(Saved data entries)
%%
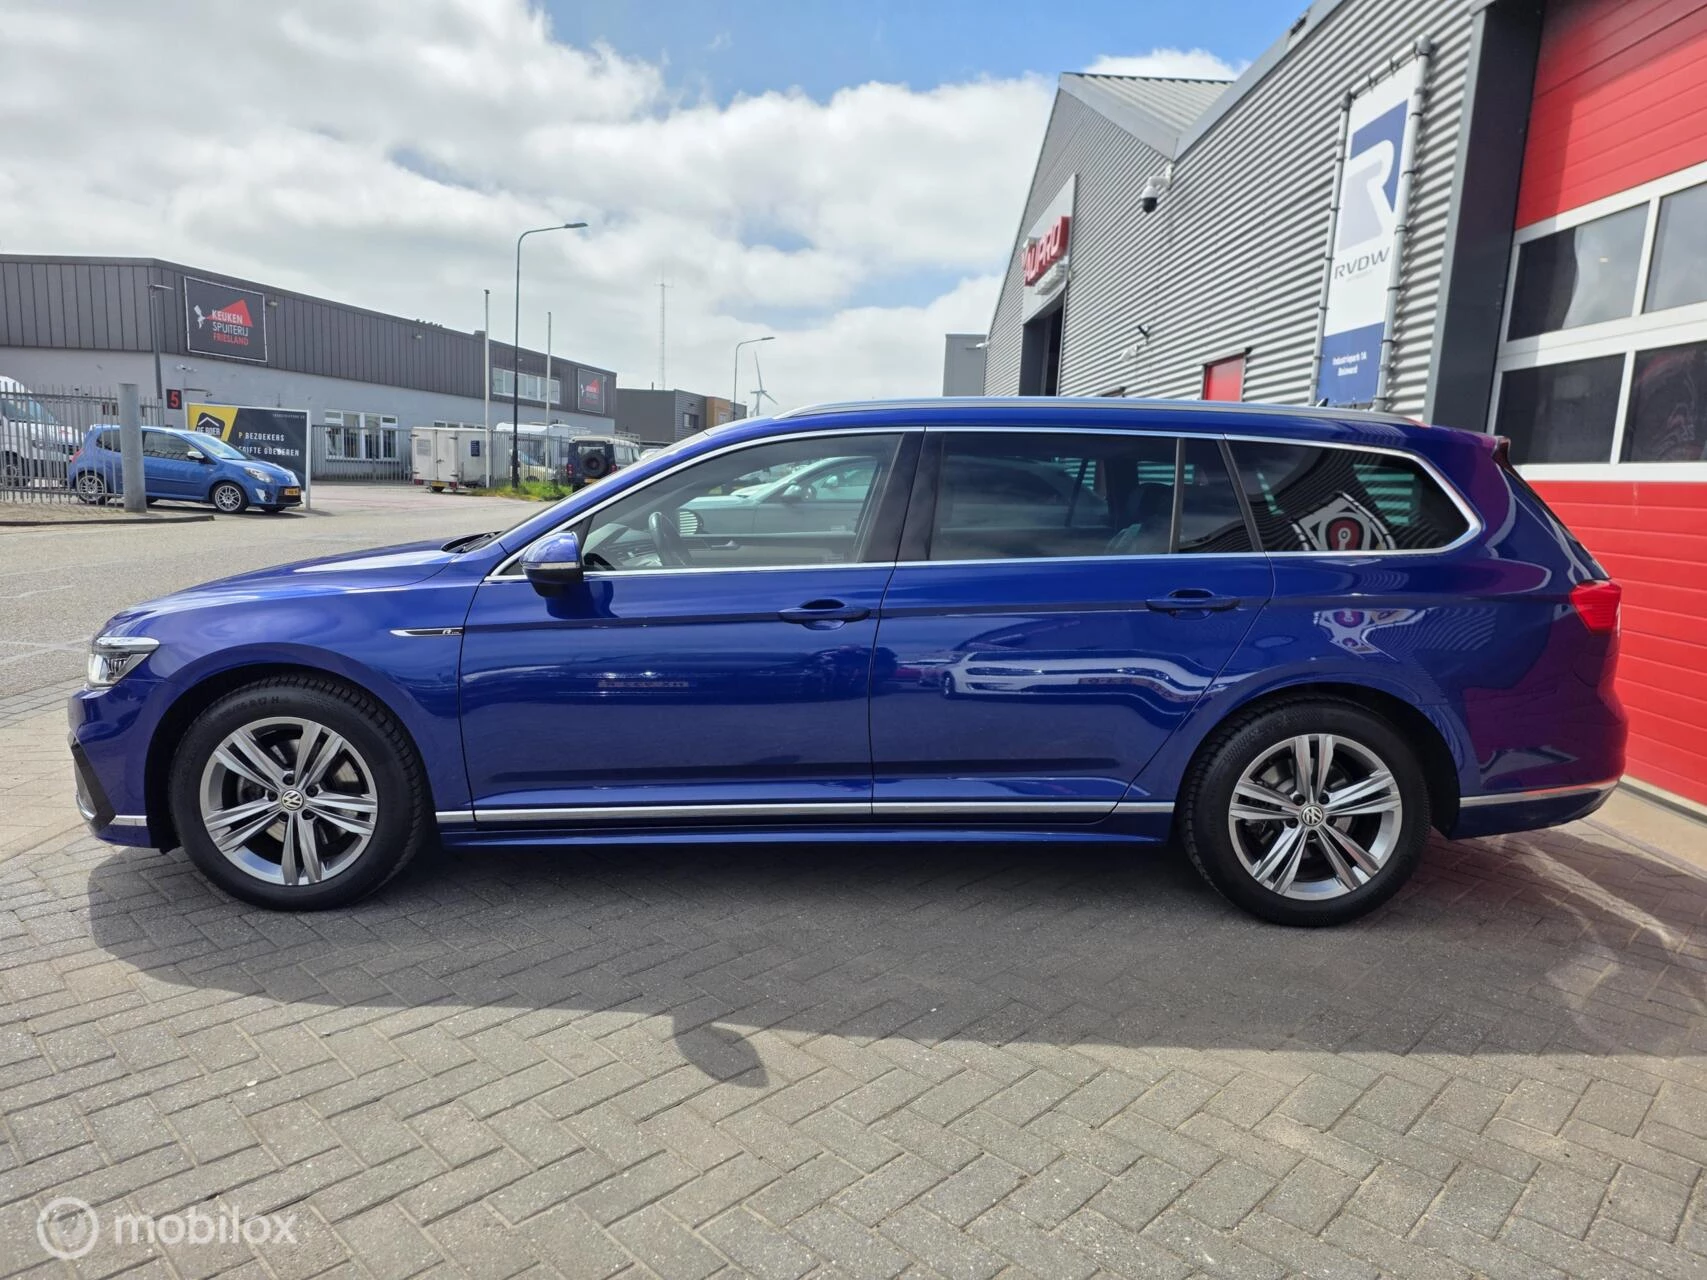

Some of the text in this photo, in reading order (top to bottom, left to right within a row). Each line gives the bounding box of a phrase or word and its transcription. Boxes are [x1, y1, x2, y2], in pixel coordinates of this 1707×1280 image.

[1334, 247, 1390, 279] RVDW
[212, 309, 243, 325] KEUKEN
[212, 321, 249, 336] SPUITERIJ
[170, 391, 179, 407] 5
[245, 432, 285, 442] BEZOEKERS
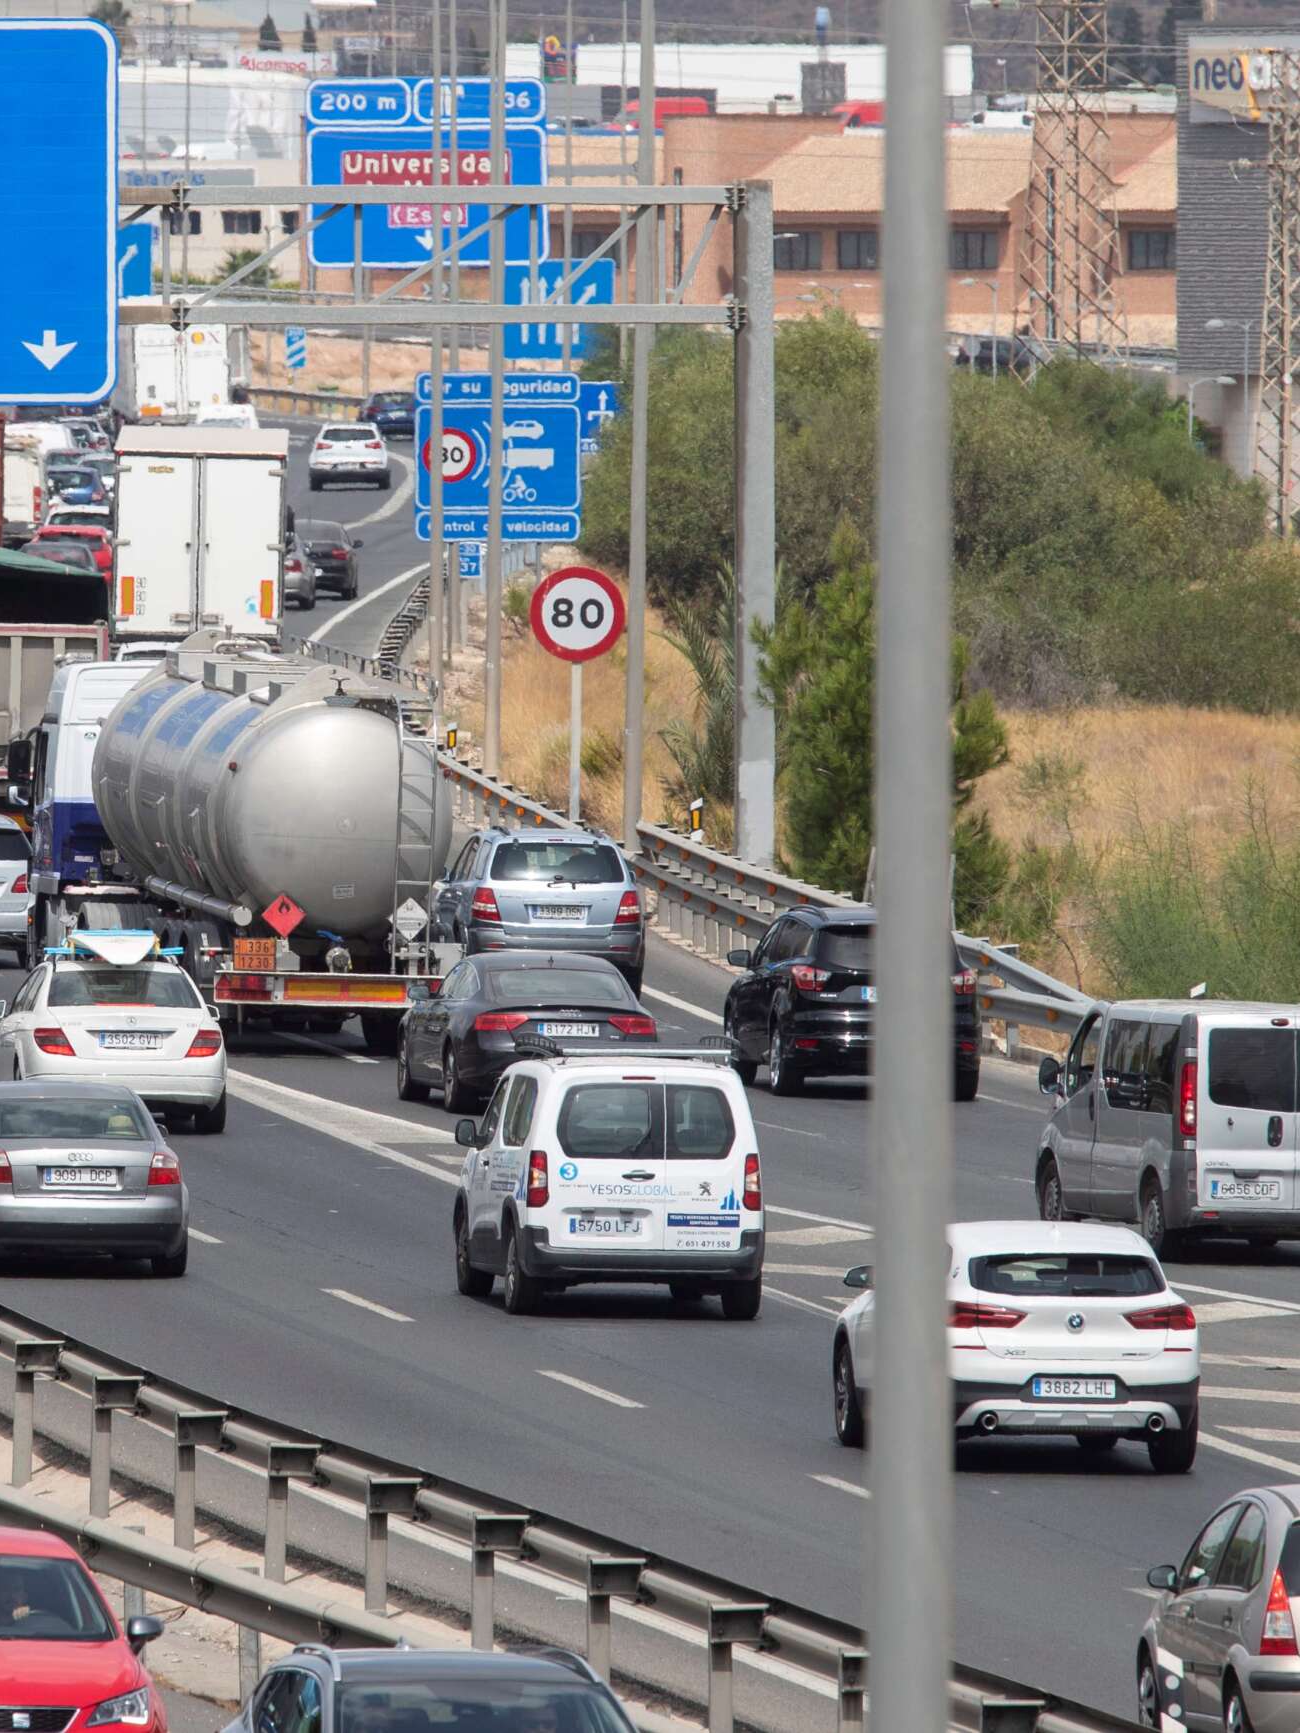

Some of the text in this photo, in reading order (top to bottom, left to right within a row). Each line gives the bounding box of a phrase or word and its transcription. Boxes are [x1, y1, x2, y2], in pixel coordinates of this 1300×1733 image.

[319, 93, 397, 110] 200 m
[344, 153, 509, 174] Universda
[394, 206, 462, 223] (Ese)
[424, 379, 572, 397] Pr su eguridad
[506, 519, 570, 532] velocidad
[551, 597, 605, 630] 80
[248, 941, 270, 954] 336
[240, 957, 270, 969] 1230
[546, 1023, 573, 1036] 8172
[107, 1033, 160, 1047] 3502 GVT
[54, 1169, 113, 1182] 9091 DCP
[578, 1219, 640, 1233] 5750 LFJ
[1044, 1380, 1112, 1396] 3882 LHL
%%
--- Exercise aim ---
An exact reproduction of all the records is required, with no pictures included.

--- Solution below ---
Some of the text in this photo, in reading order (top to bottom, left to right within a row). Each line gives the bounding box of a phrase or word and its transcription. Boxes are [x1, y1, x2, y2], in pixel coordinates of this 1707×1280 image.

[1334, 247, 1390, 279] RVDW
[212, 309, 243, 325] KEUKEN
[212, 321, 249, 336] SPUITERIJ
[170, 391, 179, 407] 5
[245, 432, 285, 442] BEZOEKERS

Some of the text in this photo, in reading order (top to bottom, left to right within a row). Each line gives the bounding box of a phrase or word and its transcription. Boxes are [x1, y1, x2, y2], in pixel coordinates of this 1300×1733 image.

[319, 93, 397, 110] 200 m
[344, 153, 509, 174] Universda
[394, 206, 462, 223] (Ese)
[424, 379, 572, 397] Pr su eguridad
[506, 519, 570, 532] velocidad
[551, 597, 605, 630] 80
[248, 941, 270, 954] 336
[240, 957, 270, 969] 1230
[546, 1023, 573, 1036] 8172
[107, 1033, 160, 1047] 3502 GVT
[54, 1169, 113, 1182] 9091 DCP
[578, 1219, 640, 1233] 5750 LFJ
[1044, 1380, 1112, 1396] 3882 LHL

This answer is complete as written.